DIRECTIONS: Write out the listing below word for word.

☆ ☆ ☆

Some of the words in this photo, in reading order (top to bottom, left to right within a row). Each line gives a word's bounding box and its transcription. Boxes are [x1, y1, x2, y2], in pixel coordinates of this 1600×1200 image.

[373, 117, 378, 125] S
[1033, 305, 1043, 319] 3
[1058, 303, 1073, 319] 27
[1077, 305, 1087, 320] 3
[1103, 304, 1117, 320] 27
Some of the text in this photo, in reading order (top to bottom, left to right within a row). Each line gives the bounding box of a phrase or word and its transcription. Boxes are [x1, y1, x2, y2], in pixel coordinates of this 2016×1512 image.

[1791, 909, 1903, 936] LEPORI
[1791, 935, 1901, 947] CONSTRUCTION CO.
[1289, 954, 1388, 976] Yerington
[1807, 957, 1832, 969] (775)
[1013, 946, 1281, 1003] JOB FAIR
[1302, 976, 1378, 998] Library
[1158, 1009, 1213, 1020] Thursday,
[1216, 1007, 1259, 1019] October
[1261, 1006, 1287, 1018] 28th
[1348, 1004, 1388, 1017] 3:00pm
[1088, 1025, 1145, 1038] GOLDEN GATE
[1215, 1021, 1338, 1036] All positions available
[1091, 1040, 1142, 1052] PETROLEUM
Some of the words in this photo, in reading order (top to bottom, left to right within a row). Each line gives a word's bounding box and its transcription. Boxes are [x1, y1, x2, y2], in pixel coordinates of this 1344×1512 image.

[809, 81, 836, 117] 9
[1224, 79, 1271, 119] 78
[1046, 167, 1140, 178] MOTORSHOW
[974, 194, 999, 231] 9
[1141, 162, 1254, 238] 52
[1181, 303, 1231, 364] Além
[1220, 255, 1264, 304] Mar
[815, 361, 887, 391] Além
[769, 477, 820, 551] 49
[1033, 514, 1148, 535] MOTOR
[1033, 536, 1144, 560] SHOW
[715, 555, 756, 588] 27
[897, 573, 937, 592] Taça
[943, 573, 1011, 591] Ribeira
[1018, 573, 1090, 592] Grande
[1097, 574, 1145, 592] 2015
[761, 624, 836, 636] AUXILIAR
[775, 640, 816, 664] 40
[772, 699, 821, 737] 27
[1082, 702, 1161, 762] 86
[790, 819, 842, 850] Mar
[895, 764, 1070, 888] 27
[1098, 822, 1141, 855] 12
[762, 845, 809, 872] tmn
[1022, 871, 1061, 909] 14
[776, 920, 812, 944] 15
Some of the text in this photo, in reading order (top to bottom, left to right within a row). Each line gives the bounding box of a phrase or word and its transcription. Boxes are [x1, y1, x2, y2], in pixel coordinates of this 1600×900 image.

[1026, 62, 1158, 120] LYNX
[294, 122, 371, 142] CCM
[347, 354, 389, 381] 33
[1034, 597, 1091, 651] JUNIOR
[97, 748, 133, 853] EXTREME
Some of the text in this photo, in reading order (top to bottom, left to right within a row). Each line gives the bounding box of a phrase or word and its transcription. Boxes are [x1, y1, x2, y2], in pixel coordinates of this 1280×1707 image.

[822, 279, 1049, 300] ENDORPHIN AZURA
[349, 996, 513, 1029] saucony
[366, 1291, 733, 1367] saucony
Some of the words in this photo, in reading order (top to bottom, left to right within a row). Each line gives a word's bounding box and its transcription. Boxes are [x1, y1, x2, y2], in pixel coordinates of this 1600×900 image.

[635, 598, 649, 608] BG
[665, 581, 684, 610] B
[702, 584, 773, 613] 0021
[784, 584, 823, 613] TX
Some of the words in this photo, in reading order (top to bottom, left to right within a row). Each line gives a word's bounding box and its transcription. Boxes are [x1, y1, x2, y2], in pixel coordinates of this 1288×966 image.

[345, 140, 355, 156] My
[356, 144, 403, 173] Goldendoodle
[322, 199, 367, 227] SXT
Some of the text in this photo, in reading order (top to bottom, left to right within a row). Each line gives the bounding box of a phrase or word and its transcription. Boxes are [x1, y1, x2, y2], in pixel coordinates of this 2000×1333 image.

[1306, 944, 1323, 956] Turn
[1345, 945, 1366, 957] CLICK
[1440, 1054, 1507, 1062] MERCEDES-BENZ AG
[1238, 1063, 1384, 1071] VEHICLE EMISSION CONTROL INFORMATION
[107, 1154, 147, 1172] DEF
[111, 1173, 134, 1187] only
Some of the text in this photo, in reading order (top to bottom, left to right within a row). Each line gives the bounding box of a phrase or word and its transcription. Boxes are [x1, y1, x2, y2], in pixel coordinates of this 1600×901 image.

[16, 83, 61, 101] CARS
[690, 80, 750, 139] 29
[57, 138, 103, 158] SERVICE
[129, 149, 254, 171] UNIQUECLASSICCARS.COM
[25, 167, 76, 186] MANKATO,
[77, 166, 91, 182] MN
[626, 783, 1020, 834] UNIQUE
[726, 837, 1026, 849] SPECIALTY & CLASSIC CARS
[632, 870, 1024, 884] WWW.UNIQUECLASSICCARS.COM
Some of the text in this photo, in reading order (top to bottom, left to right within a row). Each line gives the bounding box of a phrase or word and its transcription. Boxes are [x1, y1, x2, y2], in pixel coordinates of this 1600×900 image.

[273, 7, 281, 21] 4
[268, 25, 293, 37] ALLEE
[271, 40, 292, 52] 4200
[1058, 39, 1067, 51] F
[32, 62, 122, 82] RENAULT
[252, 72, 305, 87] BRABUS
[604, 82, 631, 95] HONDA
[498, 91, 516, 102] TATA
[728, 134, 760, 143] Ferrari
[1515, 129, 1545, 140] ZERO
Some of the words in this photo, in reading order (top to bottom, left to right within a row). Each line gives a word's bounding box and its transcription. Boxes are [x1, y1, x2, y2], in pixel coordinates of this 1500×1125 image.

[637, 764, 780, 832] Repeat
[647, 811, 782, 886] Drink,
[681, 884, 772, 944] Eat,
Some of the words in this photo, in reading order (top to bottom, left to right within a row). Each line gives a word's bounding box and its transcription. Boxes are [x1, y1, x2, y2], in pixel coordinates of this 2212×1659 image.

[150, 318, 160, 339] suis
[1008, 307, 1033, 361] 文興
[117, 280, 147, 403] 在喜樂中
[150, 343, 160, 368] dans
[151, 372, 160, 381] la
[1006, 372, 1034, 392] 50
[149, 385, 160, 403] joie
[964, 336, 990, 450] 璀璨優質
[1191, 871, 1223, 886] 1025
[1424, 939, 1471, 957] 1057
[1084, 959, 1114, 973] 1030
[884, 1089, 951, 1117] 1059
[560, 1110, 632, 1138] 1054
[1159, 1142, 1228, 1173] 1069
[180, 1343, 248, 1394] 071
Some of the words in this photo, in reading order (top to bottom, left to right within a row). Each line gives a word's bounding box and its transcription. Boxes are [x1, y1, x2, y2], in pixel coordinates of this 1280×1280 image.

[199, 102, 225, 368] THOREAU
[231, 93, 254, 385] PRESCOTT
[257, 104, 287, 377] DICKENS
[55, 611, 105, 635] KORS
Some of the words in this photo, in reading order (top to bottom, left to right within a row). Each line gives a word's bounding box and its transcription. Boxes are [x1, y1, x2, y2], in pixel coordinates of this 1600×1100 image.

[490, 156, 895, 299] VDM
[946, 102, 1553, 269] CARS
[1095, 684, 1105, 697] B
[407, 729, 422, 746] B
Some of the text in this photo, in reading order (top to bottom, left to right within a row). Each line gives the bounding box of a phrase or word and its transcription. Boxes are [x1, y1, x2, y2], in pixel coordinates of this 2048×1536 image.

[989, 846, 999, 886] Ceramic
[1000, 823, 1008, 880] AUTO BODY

☆ ☆ ☆

EXERCISE ANSWER:
Some of the words in this photo, in reading order (top to bottom, left to right within a row). Each line gives a word's bounding box and its transcription. Boxes are [x1, y1, x2, y2], in pixel coordinates of this 1600×1200 image.

[373, 117, 378, 125] S
[1033, 305, 1043, 319] 3
[1058, 303, 1073, 319] 27
[1077, 305, 1087, 320] 3
[1103, 304, 1117, 320] 27
Some of the text in this photo, in reading order (top to bottom, left to right within a row). Each line gives the bounding box of a phrase or word and its transcription. Boxes are [x1, y1, x2, y2], in pixel coordinates of this 2016×1512 image.

[1791, 909, 1903, 936] LEPORI
[1791, 935, 1901, 947] CONSTRUCTION CO.
[1289, 954, 1388, 976] Yerington
[1807, 957, 1832, 969] (775)
[1013, 946, 1281, 1003] JOB FAIR
[1302, 976, 1378, 998] Library
[1158, 1009, 1213, 1020] Thursday,
[1216, 1007, 1259, 1019] October
[1261, 1006, 1287, 1018] 28th
[1348, 1004, 1388, 1017] 3:00pm
[1088, 1025, 1145, 1038] GOLDEN GATE
[1215, 1021, 1338, 1036] All positions available
[1091, 1040, 1142, 1052] PETROLEUM
Some of the words in this photo, in reading order (top to bottom, left to right within a row). Each line gives a word's bounding box and its transcription. Boxes are [x1, y1, x2, y2], in pixel coordinates of this 1344×1512 image.

[809, 81, 836, 117] 9
[1224, 79, 1271, 119] 78
[1046, 167, 1140, 178] MOTORSHOW
[974, 194, 999, 231] 9
[1141, 162, 1254, 238] 52
[1181, 303, 1231, 364] Além
[1220, 255, 1264, 304] Mar
[815, 361, 887, 391] Além
[769, 477, 820, 551] 49
[1033, 514, 1148, 535] MOTOR
[1033, 536, 1144, 560] SHOW
[715, 555, 756, 588] 27
[897, 573, 937, 592] Taça
[943, 573, 1011, 591] Ribeira
[1018, 573, 1090, 592] Grande
[1097, 574, 1145, 592] 2015
[761, 624, 836, 636] AUXILIAR
[775, 640, 816, 664] 40
[772, 699, 821, 737] 27
[1082, 702, 1161, 762] 86
[790, 819, 842, 850] Mar
[895, 764, 1070, 888] 27
[1098, 822, 1141, 855] 12
[762, 845, 809, 872] tmn
[1022, 871, 1061, 909] 14
[776, 920, 812, 944] 15
Some of the text in this photo, in reading order (top to bottom, left to right within a row). Each line gives the bounding box of a phrase or word and its transcription. Boxes are [x1, y1, x2, y2], in pixel coordinates of this 1600×900 image.

[1026, 62, 1158, 120] LYNX
[294, 122, 371, 142] CCM
[347, 354, 389, 381] 33
[1034, 597, 1091, 651] JUNIOR
[97, 748, 133, 853] EXTREME
Some of the text in this photo, in reading order (top to bottom, left to right within a row). Each line gives the bounding box of a phrase or word and its transcription. Boxes are [x1, y1, x2, y2], in pixel coordinates of this 1280×1707 image.

[822, 279, 1049, 300] ENDORPHIN AZURA
[349, 996, 513, 1029] saucony
[366, 1291, 733, 1367] saucony
Some of the words in this photo, in reading order (top to bottom, left to right within a row). Each line gives a word's bounding box and its transcription. Boxes are [x1, y1, x2, y2], in pixel coordinates of this 1600×900 image.

[635, 598, 649, 608] BG
[665, 581, 684, 610] B
[702, 584, 773, 613] 0021
[784, 584, 823, 613] TX
Some of the words in this photo, in reading order (top to bottom, left to right within a row). Each line gives a word's bounding box and its transcription. Boxes are [x1, y1, x2, y2], in pixel coordinates of this 1288×966 image.

[345, 140, 355, 156] My
[356, 144, 403, 173] Goldendoodle
[322, 199, 367, 227] SXT
Some of the text in this photo, in reading order (top to bottom, left to right within a row). Each line gives the bounding box of a phrase or word and its transcription. Boxes are [x1, y1, x2, y2], in pixel coordinates of this 2000×1333 image.

[1306, 944, 1323, 956] Turn
[1345, 945, 1366, 957] CLICK
[1440, 1054, 1507, 1062] MERCEDES-BENZ AG
[1238, 1063, 1384, 1071] VEHICLE EMISSION CONTROL INFORMATION
[107, 1154, 147, 1172] DEF
[111, 1173, 134, 1187] only
Some of the text in this photo, in reading order (top to bottom, left to right within a row). Each line gives the bounding box of a phrase or word and its transcription. Boxes are [x1, y1, x2, y2], in pixel coordinates of this 1600×901 image.

[16, 83, 61, 101] CARS
[690, 80, 750, 139] 29
[57, 138, 103, 158] SERVICE
[129, 149, 254, 171] UNIQUECLASSICCARS.COM
[25, 167, 76, 186] MANKATO,
[77, 166, 91, 182] MN
[626, 783, 1020, 834] UNIQUE
[726, 837, 1026, 849] SPECIALTY & CLASSIC CARS
[632, 870, 1024, 884] WWW.UNIQUECLASSICCARS.COM
Some of the text in this photo, in reading order (top to bottom, left to right within a row). Each line gives the bounding box of a phrase or word and its transcription. Boxes are [x1, y1, x2, y2], in pixel coordinates of this 1600×900 image.

[273, 7, 281, 21] 4
[268, 25, 293, 37] ALLEE
[271, 40, 292, 52] 4200
[1058, 39, 1067, 51] F
[32, 62, 122, 82] RENAULT
[252, 72, 305, 87] BRABUS
[604, 82, 631, 95] HONDA
[498, 91, 516, 102] TATA
[728, 134, 760, 143] Ferrari
[1515, 129, 1545, 140] ZERO
Some of the words in this photo, in reading order (top to bottom, left to right within a row). Each line gives a word's bounding box and its transcription. Boxes are [x1, y1, x2, y2], in pixel coordinates of this 1500×1125 image.

[637, 764, 780, 832] Repeat
[647, 811, 782, 886] Drink,
[681, 884, 772, 944] Eat,
Some of the words in this photo, in reading order (top to bottom, left to right within a row). Each line gives a word's bounding box and its transcription. Boxes are [x1, y1, x2, y2], in pixel coordinates of this 2212×1659 image.

[150, 318, 160, 339] suis
[1008, 307, 1033, 361] 文興
[117, 280, 147, 403] 在喜樂中
[150, 343, 160, 368] dans
[151, 372, 160, 381] la
[1006, 372, 1034, 392] 50
[149, 385, 160, 403] joie
[964, 336, 990, 450] 璀璨優質
[1191, 871, 1223, 886] 1025
[1424, 939, 1471, 957] 1057
[1084, 959, 1114, 973] 1030
[884, 1089, 951, 1117] 1059
[560, 1110, 632, 1138] 1054
[1159, 1142, 1228, 1173] 1069
[180, 1343, 248, 1394] 071
Some of the words in this photo, in reading order (top to bottom, left to right within a row). Each line gives a word's bounding box and its transcription. Boxes are [x1, y1, x2, y2], in pixel coordinates of this 1280×1280 image.

[199, 102, 225, 368] THOREAU
[231, 93, 254, 385] PRESCOTT
[257, 104, 287, 377] DICKENS
[55, 611, 105, 635] KORS
Some of the words in this photo, in reading order (top to bottom, left to right within a row). Each line gives a word's bounding box and its transcription. Boxes are [x1, y1, x2, y2], in pixel coordinates of this 1600×1100 image.

[490, 156, 895, 299] VDM
[946, 102, 1553, 269] CARS
[1095, 684, 1105, 697] B
[407, 729, 422, 746] B
Some of the text in this photo, in reading order (top to bottom, left to right within a row). Each line gives the bounding box of a phrase or word and its transcription. Boxes are [x1, y1, x2, y2], in pixel coordinates of this 2048×1536 image.

[989, 846, 999, 886] Ceramic
[1000, 823, 1008, 880] AUTO BODY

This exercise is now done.